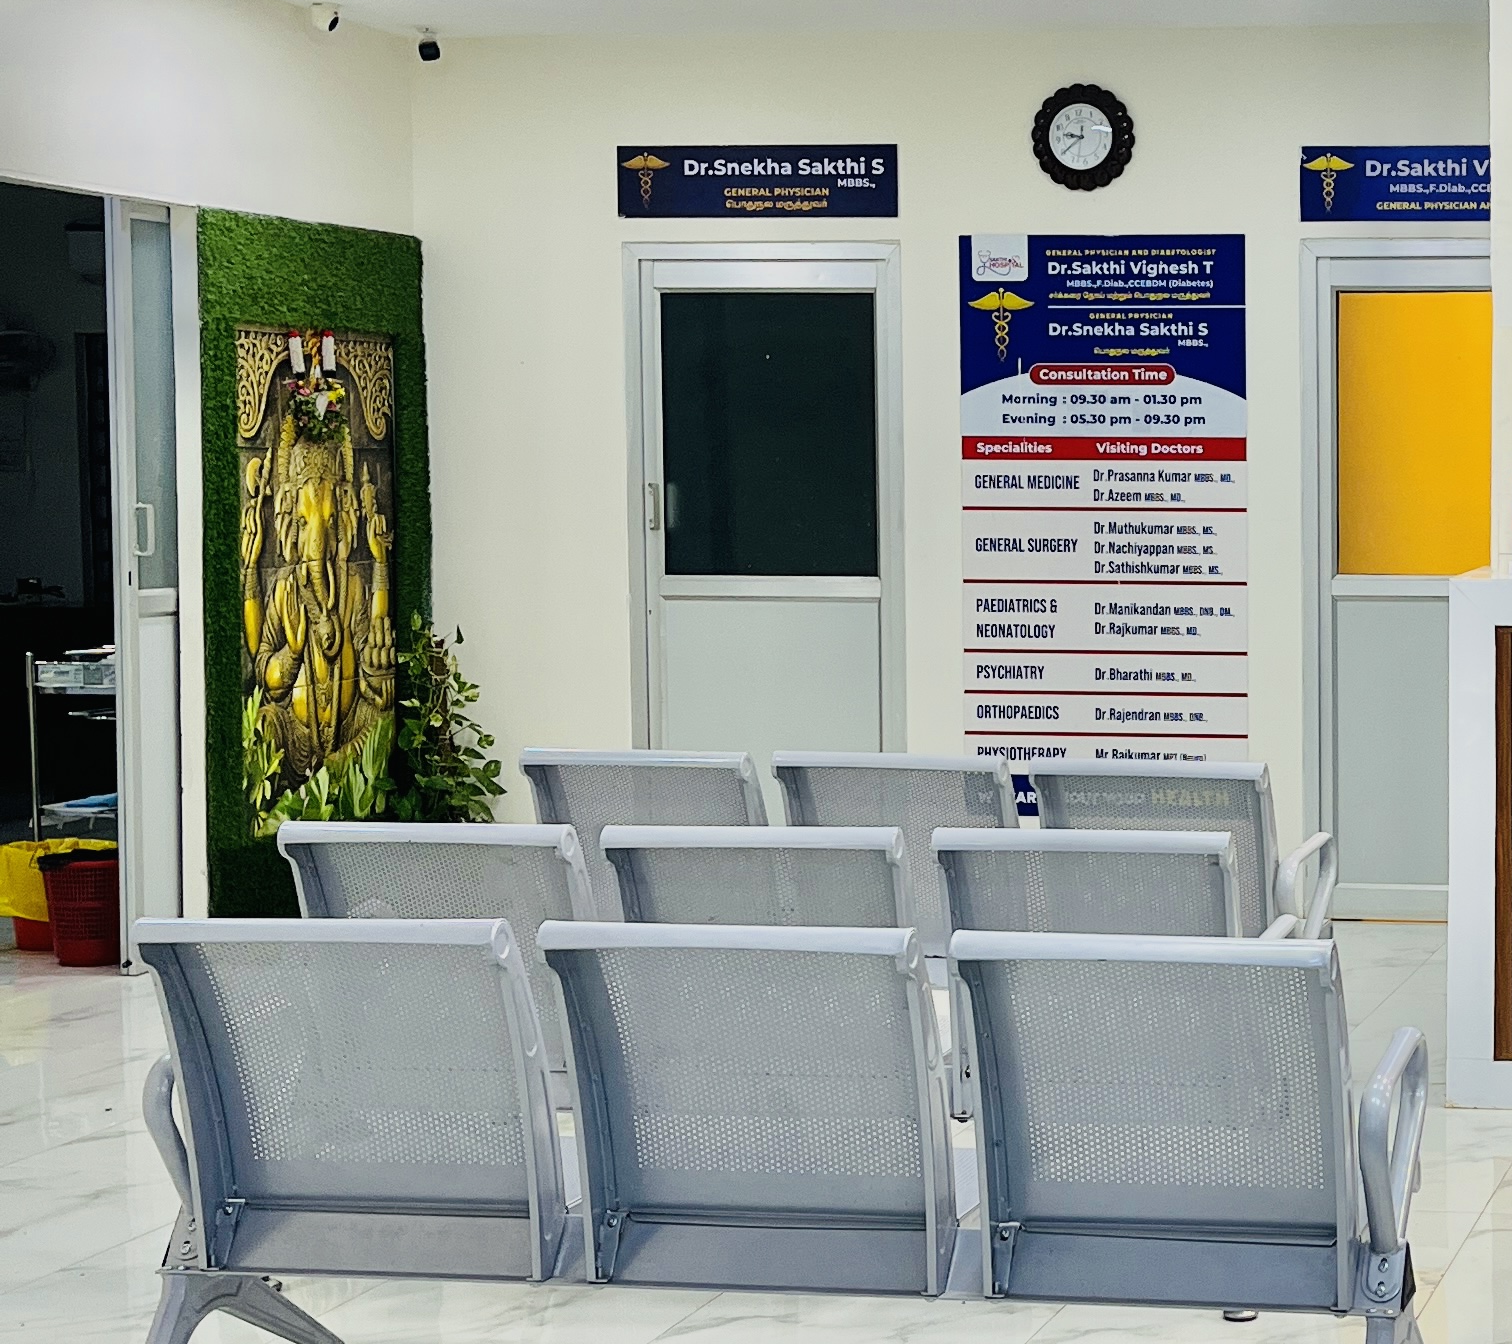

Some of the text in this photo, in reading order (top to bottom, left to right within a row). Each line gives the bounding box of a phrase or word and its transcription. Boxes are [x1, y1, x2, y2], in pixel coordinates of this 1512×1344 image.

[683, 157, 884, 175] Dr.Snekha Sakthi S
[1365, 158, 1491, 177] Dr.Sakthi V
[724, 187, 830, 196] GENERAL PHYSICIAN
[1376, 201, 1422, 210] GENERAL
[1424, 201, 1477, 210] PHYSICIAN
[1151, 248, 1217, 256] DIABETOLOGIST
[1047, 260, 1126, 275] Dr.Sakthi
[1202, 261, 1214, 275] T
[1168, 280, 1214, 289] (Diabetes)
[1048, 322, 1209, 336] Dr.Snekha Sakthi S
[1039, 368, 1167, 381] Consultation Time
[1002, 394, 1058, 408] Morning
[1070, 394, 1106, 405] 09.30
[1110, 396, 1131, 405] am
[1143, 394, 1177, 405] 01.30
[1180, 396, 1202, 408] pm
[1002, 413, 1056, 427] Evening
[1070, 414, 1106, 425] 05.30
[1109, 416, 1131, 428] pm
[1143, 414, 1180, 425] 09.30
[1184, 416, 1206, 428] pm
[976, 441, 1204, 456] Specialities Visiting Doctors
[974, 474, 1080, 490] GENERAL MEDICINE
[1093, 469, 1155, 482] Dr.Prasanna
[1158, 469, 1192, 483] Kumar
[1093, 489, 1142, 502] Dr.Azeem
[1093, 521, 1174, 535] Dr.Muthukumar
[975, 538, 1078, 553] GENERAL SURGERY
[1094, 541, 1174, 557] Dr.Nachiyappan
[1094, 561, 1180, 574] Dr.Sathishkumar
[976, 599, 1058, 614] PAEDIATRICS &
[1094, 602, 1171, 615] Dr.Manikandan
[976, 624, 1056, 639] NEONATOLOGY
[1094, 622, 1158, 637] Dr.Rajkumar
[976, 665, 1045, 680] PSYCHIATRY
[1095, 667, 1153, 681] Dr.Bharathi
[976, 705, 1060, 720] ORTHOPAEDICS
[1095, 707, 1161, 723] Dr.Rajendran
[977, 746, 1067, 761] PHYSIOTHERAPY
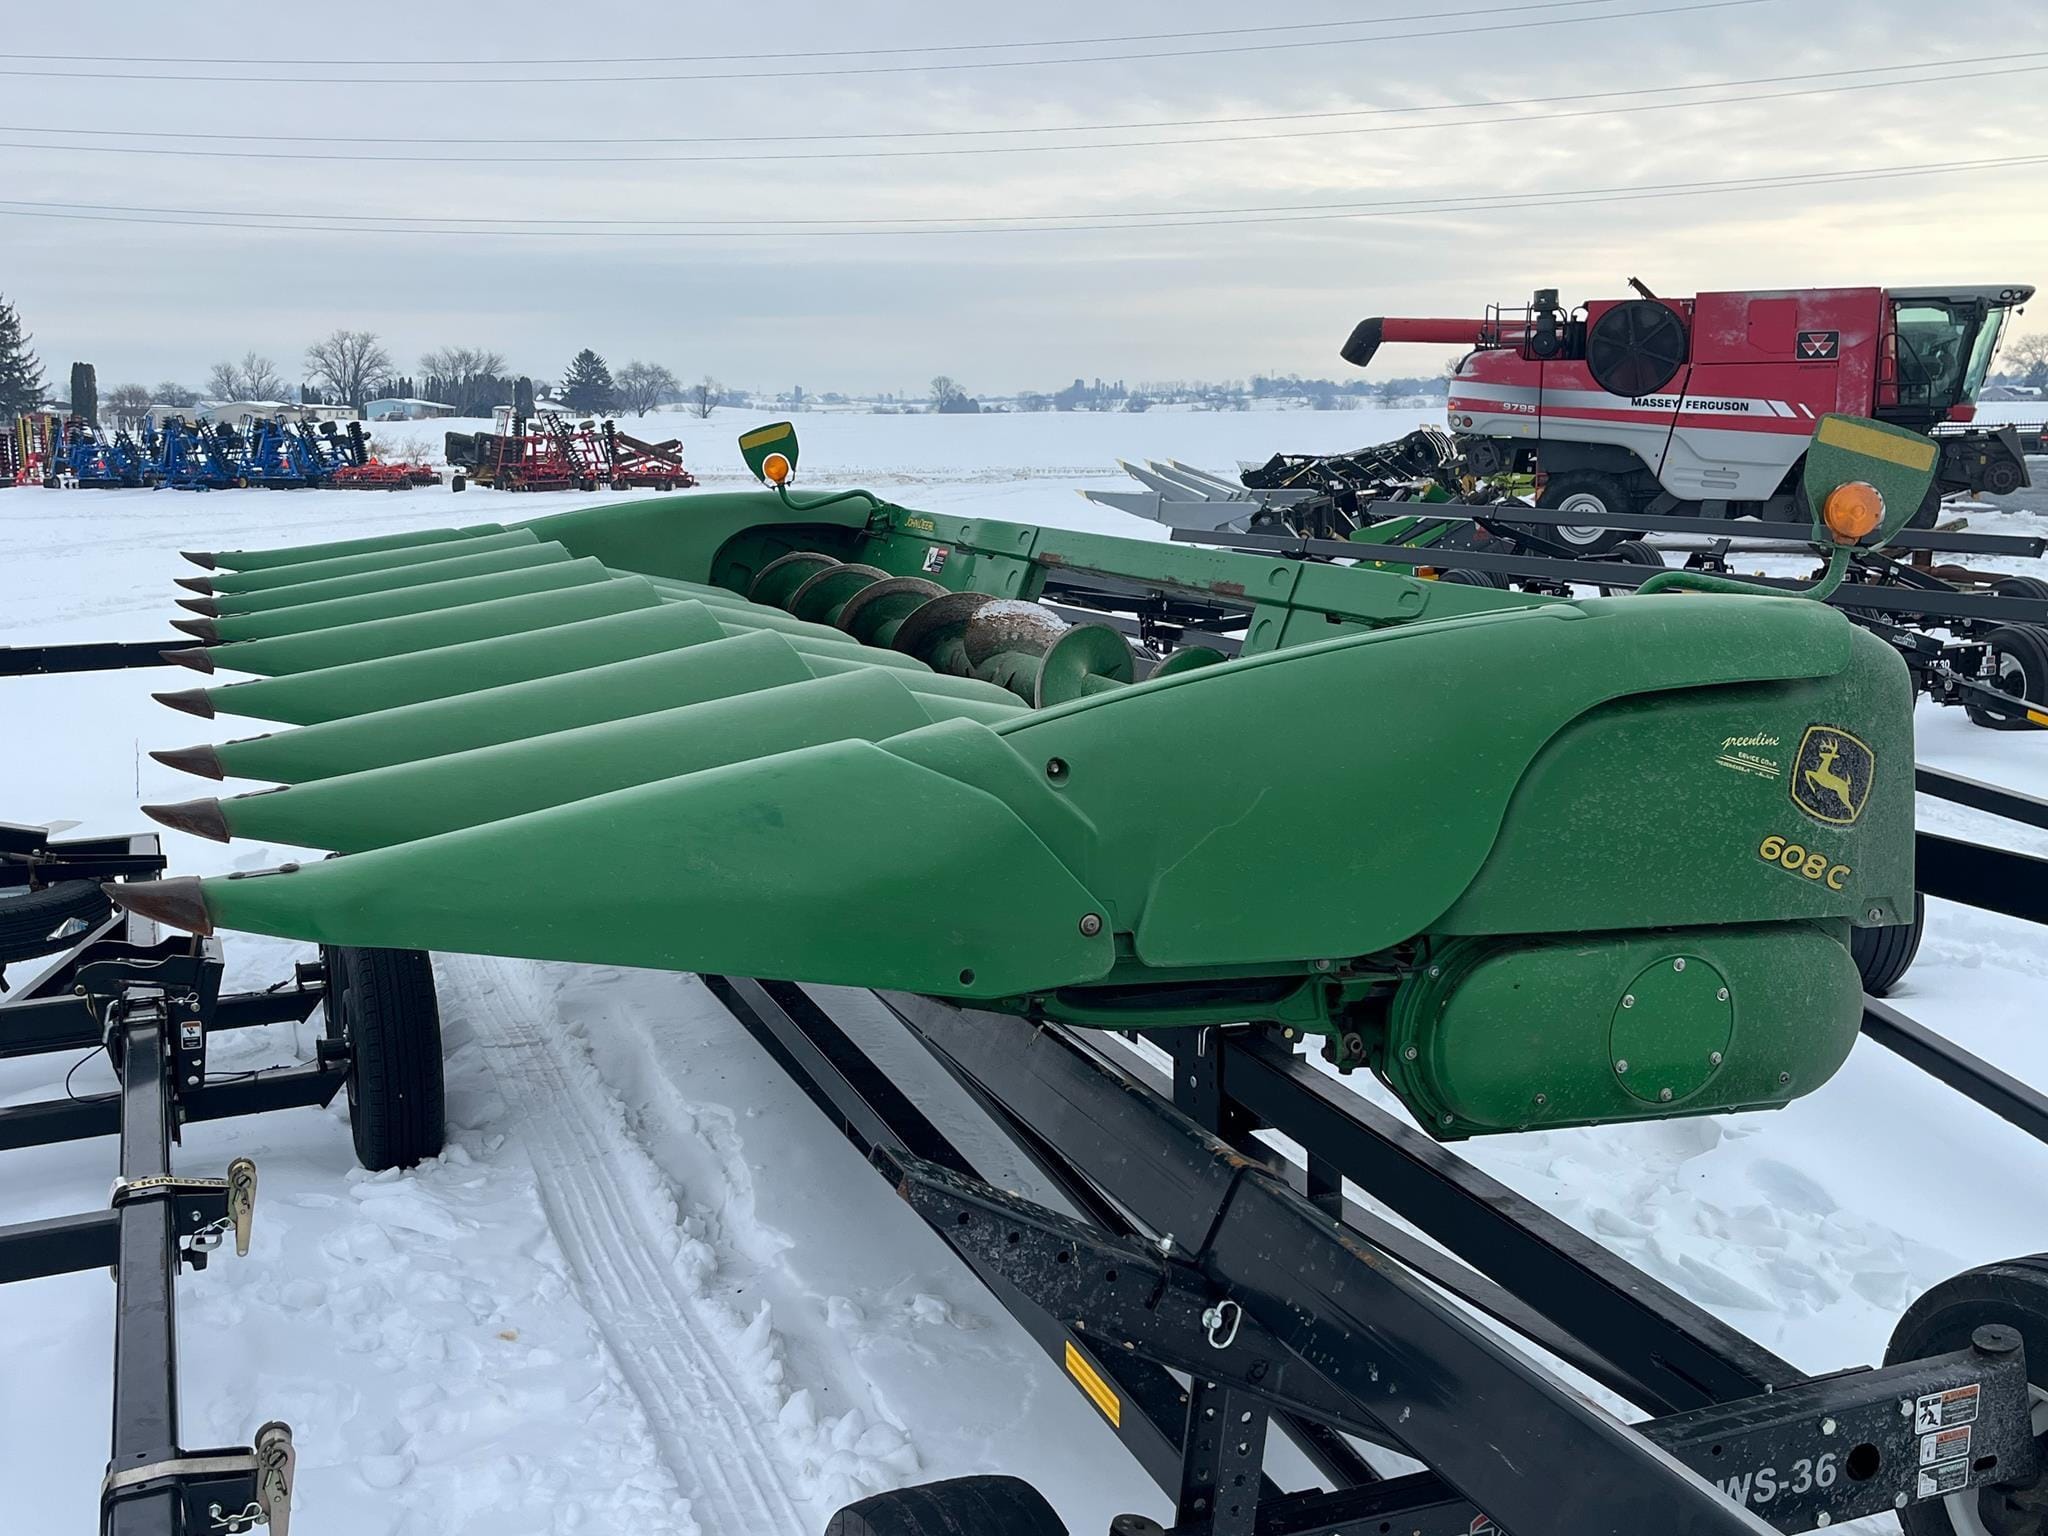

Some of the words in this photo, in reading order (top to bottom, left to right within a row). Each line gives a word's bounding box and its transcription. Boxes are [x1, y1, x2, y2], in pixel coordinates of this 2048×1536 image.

===

* [EXERCISE AIM] All of the data is to be transcribed exactly, with images omitted.

* [YOUR SOLUTION]
Some of the text in this photo, in reading order (top to bottom, left to right within a row). Each line gives the bounding box of a phrase or word and its transcription. Boxes are [x1, y1, x2, y2], in pixel coordinates of this 1512×1344 image.

[683, 157, 884, 175] Dr.Snekha Sakthi S
[1365, 158, 1491, 177] Dr.Sakthi V
[724, 187, 830, 196] GENERAL PHYSICIAN
[1376, 201, 1422, 210] GENERAL
[1424, 201, 1477, 210] PHYSICIAN
[1151, 248, 1217, 256] DIABETOLOGIST
[1047, 260, 1126, 275] Dr.Sakthi
[1202, 261, 1214, 275] T
[1168, 280, 1214, 289] (Diabetes)
[1048, 322, 1209, 336] Dr.Snekha Sakthi S
[1039, 368, 1167, 381] Consultation Time
[1002, 394, 1058, 408] Morning
[1070, 394, 1106, 405] 09.30
[1110, 396, 1131, 405] am
[1143, 394, 1177, 405] 01.30
[1180, 396, 1202, 408] pm
[1002, 413, 1056, 427] Evening
[1070, 414, 1106, 425] 05.30
[1109, 416, 1131, 428] pm
[1143, 414, 1180, 425] 09.30
[1184, 416, 1206, 428] pm
[976, 441, 1204, 456] Specialities Visiting Doctors
[974, 474, 1080, 490] GENERAL MEDICINE
[1093, 469, 1155, 482] Dr.Prasanna
[1158, 469, 1192, 483] Kumar
[1093, 489, 1142, 502] Dr.Azeem
[1093, 521, 1174, 535] Dr.Muthukumar
[975, 538, 1078, 553] GENERAL SURGERY
[1094, 541, 1174, 557] Dr.Nachiyappan
[1094, 561, 1180, 574] Dr.Sathishkumar
[976, 599, 1058, 614] PAEDIATRICS &
[1094, 602, 1171, 615] Dr.Manikandan
[976, 624, 1056, 639] NEONATOLOGY
[1094, 622, 1158, 637] Dr.Rajkumar
[976, 665, 1045, 680] PSYCHIATRY
[1095, 667, 1153, 681] Dr.Bharathi
[976, 705, 1060, 720] ORTHOPAEDICS
[1095, 707, 1161, 723] Dr.Rajendran
[977, 746, 1067, 761] PHYSIOTHERAPY

Some of the words in this photo, in reading order (top to bottom, left to right within a row). Each line gives a word's bounding box and its transcription. Boxes are [x1, y1, x2, y2], in pixel coordinates of this 2048×1536 image.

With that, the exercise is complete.